- **Problem**
What you return should be only the lines in the entries below between the one holding "this 1000×1500 image." and the one holding "Some of the words", ends included, with every picture left out.

- **Source data**
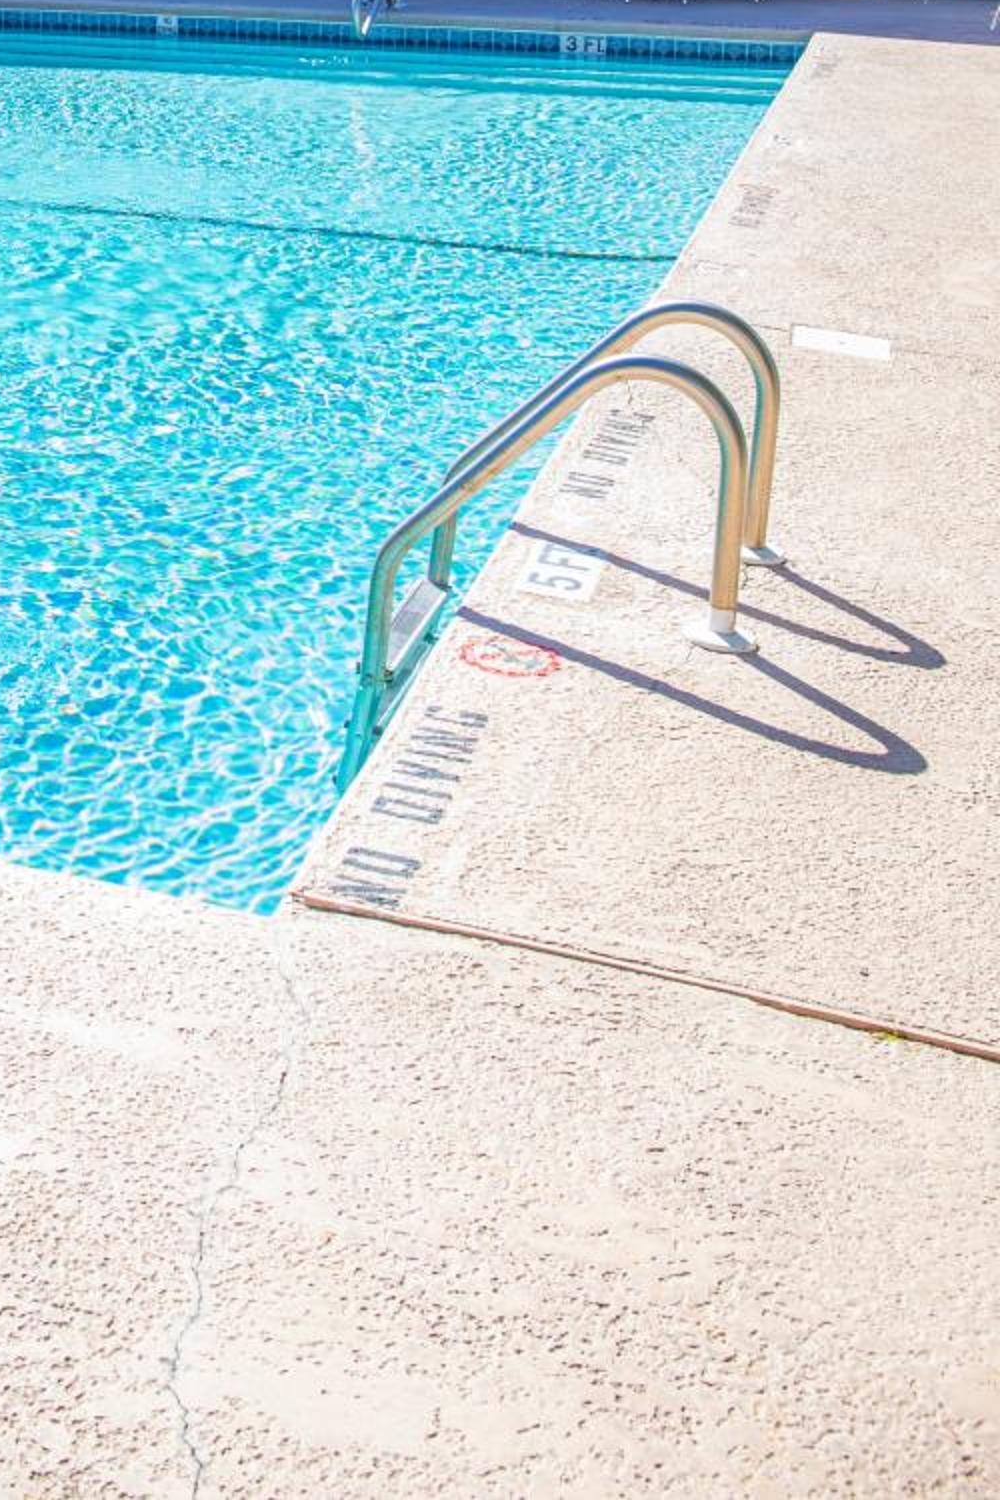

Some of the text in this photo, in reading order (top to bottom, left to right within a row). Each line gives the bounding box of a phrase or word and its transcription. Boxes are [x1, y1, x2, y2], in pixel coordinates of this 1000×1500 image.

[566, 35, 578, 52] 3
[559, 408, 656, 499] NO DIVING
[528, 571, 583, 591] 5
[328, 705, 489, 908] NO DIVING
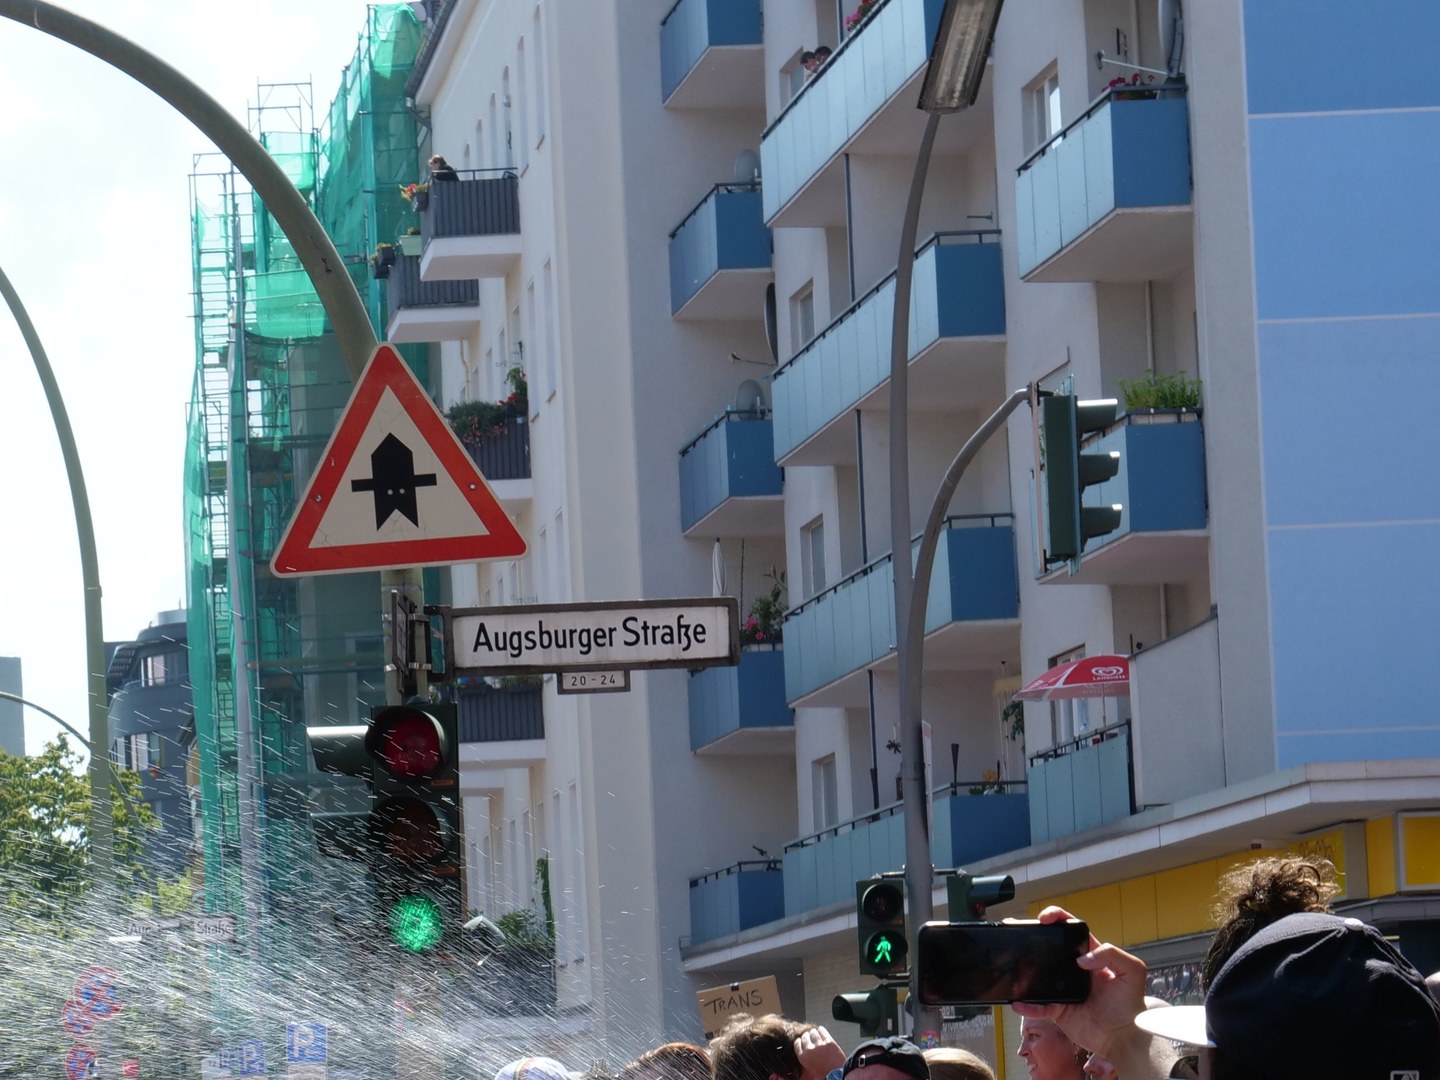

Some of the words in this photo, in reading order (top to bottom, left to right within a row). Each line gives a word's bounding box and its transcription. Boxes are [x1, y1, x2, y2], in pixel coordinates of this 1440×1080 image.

* * *

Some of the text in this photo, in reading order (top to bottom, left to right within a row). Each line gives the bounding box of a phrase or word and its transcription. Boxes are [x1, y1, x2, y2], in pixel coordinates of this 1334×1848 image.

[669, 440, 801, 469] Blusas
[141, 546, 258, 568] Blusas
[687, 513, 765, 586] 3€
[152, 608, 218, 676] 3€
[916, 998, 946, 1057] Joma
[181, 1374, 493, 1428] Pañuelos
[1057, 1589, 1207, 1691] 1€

- **Answer to this problem**
Some of the text in this photo, in reading order (top to bottom, left to right within a row). Each line gives the bounding box of a phrase or word and its transcription. Boxes are [x1, y1, x2, y2], in pixel coordinates of this 1000×1500 image.

[566, 35, 578, 52] 3
[559, 408, 656, 499] NO DIVING
[528, 571, 583, 591] 5
[328, 705, 489, 908] NO DIVING

Some of the words in this photo, in reading order (top to bottom, left to right within a row). Each line gives a word's bounding box and its transcription. Boxes are [x1, y1, x2, y2], in pixel coordinates of this 1440×1080 image.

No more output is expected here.